D’un point de vue structurel, la faiblesse des taux d’intérêt sur les dernières années a soutenu le secteur de l’immobilier résidentiel suédois. La majorité des nouveaux crédits étant accordée à taux variables, la normalisation de la politique monétaire pourra être coûteuse en terme de croissance et d’investissement. La politique monétaire est donc également contrainte par ce phénomène. L’endettement des ménages suédois est source de vulnérabilité, représentant 165% du revenu disponible brut (à comparer à un taux de 87% en France par exemple). Cette faiblesse est à nuancer dans la mesure où les ménages détiennent des actifs financiers importants (assurances, fonds de pension, actions), et que leur richesse financière nette est conséquente (394% de leur revenu disponible). D’autre part, la forte demande immobilière n’est vraisemblablement pas seulement liée à un épisode spéculatif : selon le Bureau National du Logement, en 2016, plus de 80% des villes suédoises souffraient d’une pénurie de logement et leur nombre allait croissant.
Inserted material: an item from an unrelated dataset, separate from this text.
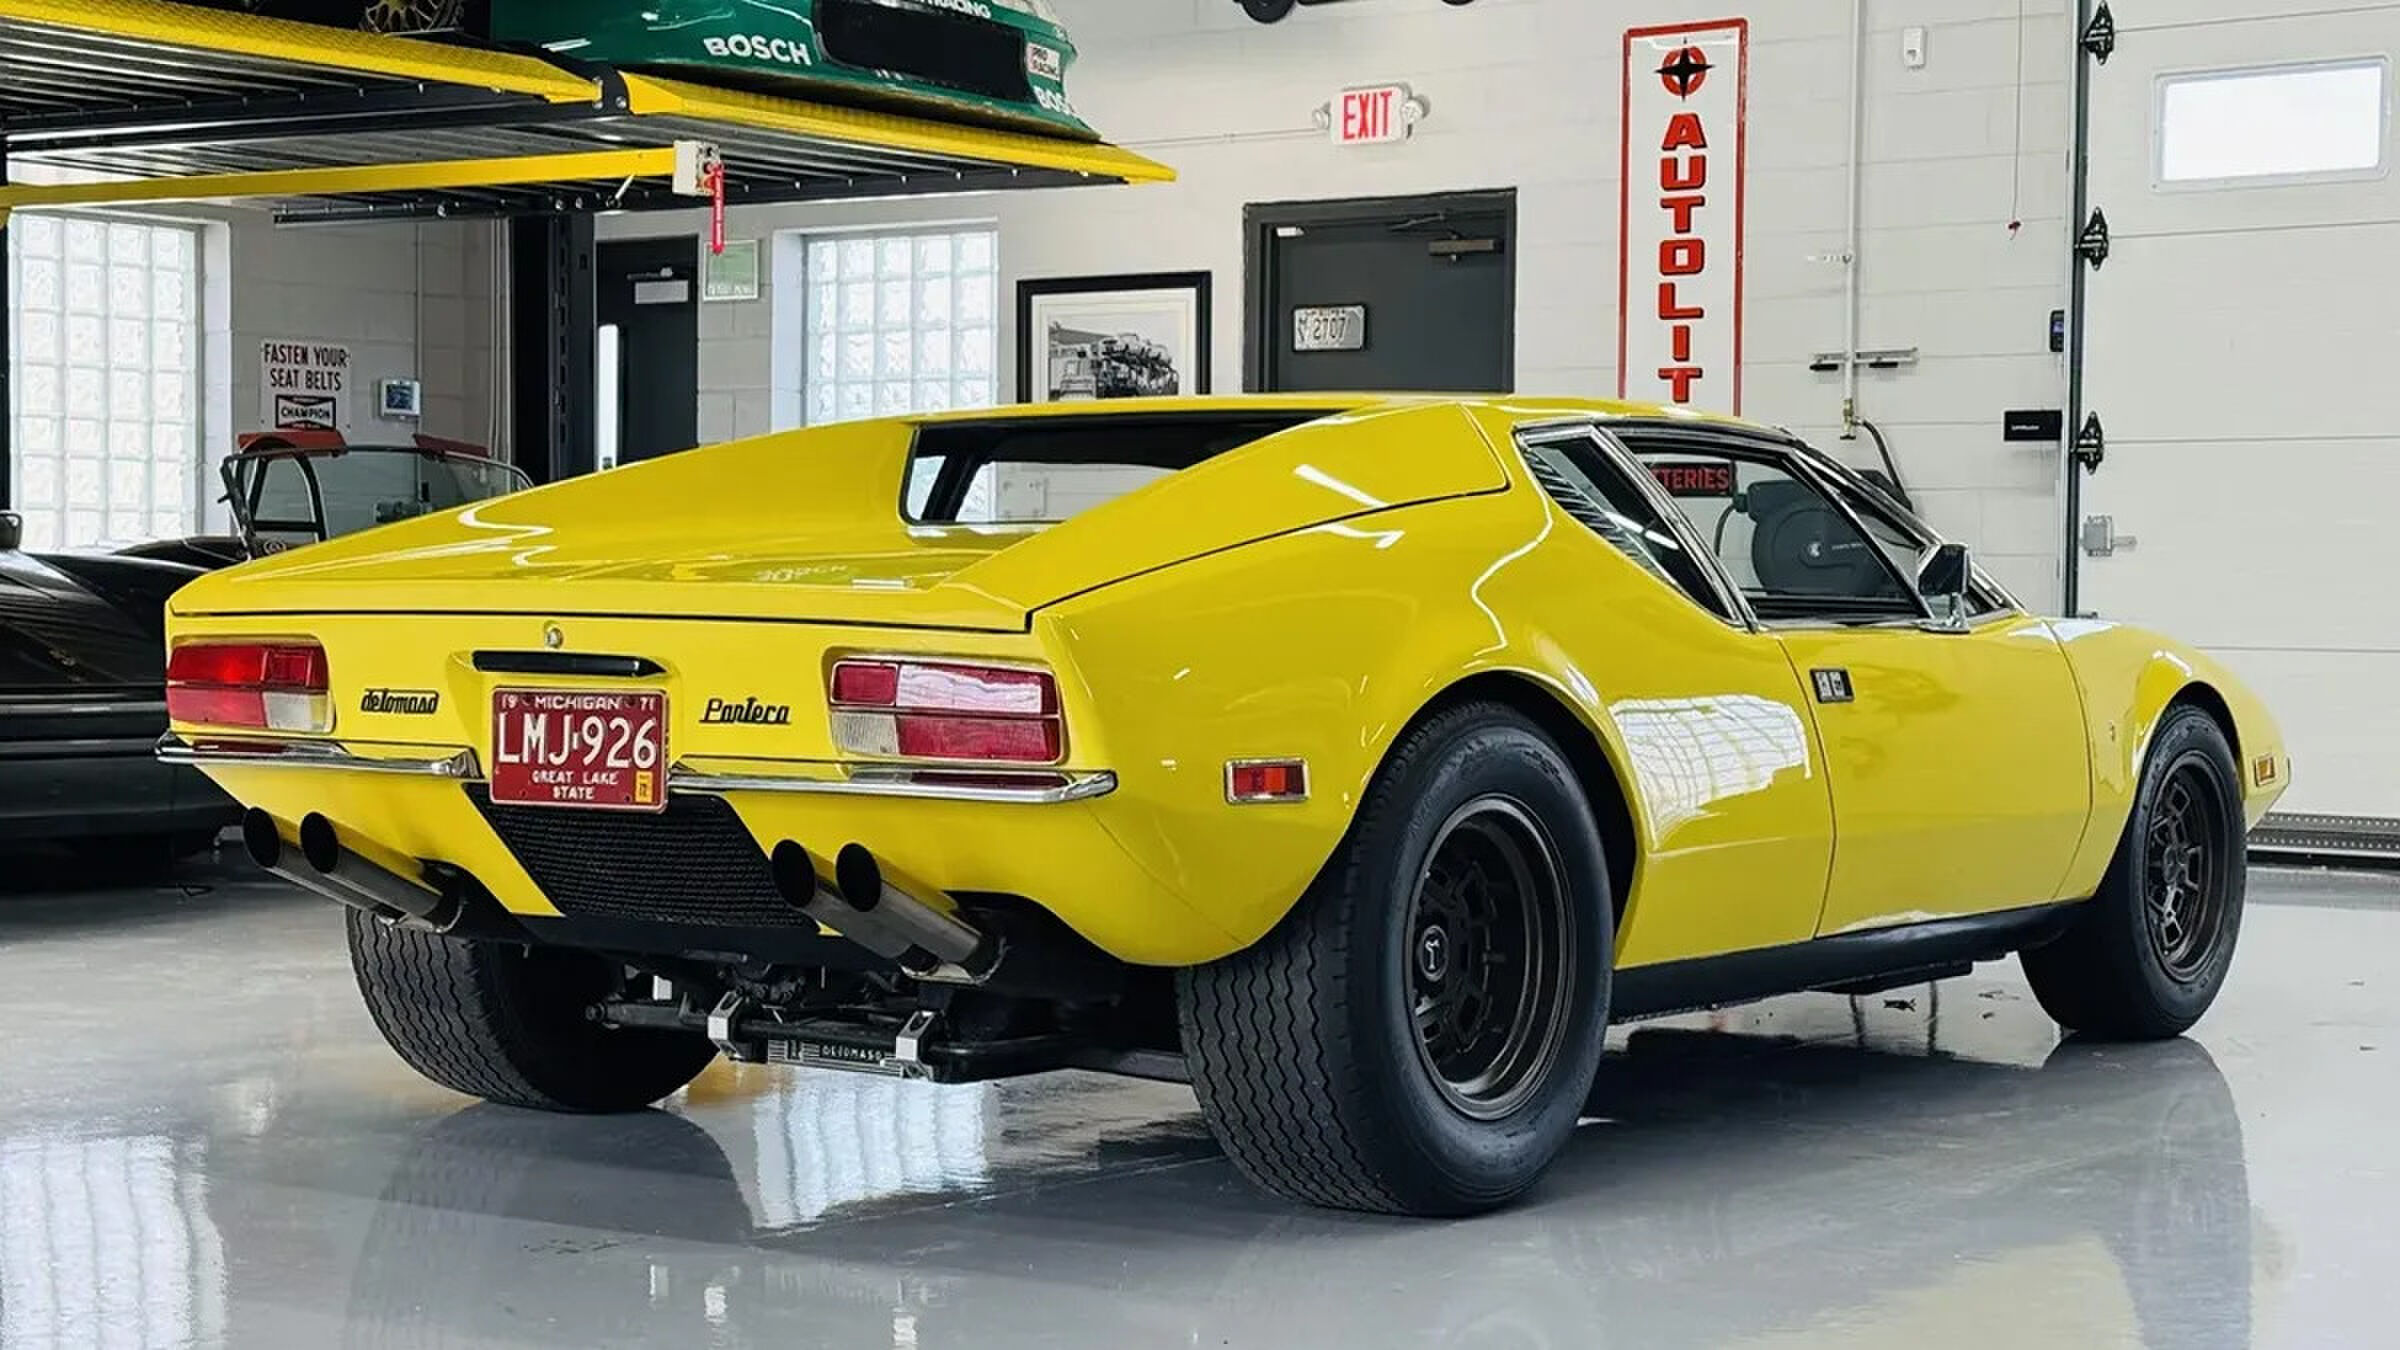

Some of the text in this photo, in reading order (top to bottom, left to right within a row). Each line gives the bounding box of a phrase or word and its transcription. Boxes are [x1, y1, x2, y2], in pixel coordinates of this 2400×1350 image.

Ce phénomène peut être expliqué par un manque de main d’œuvre dans le secteur de la construction, mais également par un rythme de croissance de la construction résidentielle beaucoup plus faible que celui de la population dans les années 2000. Selon le Bureau National du Logement (analyse réalisée en 2016), d’ici 2025, 710 000 logements auraient besoin d’être construits pour pallier les pénuries. En 2015, le gouvernement a annoncé un plan de construction de 250 000 logements à horizon 2020.  Des mesures réglementaires ont été mises en place pour contrer l’endettement croissant des ménages : un ratio maximum d’endettement par rapport au prix du bien acheté a été introduit en 2010, à 85%, tandis que les emprunteurs dont le ratio précédent est supérieur à 50% doivent depuis l’année 2016 amortir un montant minimum chaque année, et ce dès la première année. De fait, selon l’autorité de supervision financière de la Suède, le montant moyen annuel amorti par les ménages ayant contracté un nouveau prêt hypothécaire a sensiblement augmenté en 2016. D’autre part, on constate une récente modération des prix immobiliers depuis le début d’année 2017. Ce récent début de normalisation du secteur immobilier ne sera toutefois pas sans impact sur la croissance. 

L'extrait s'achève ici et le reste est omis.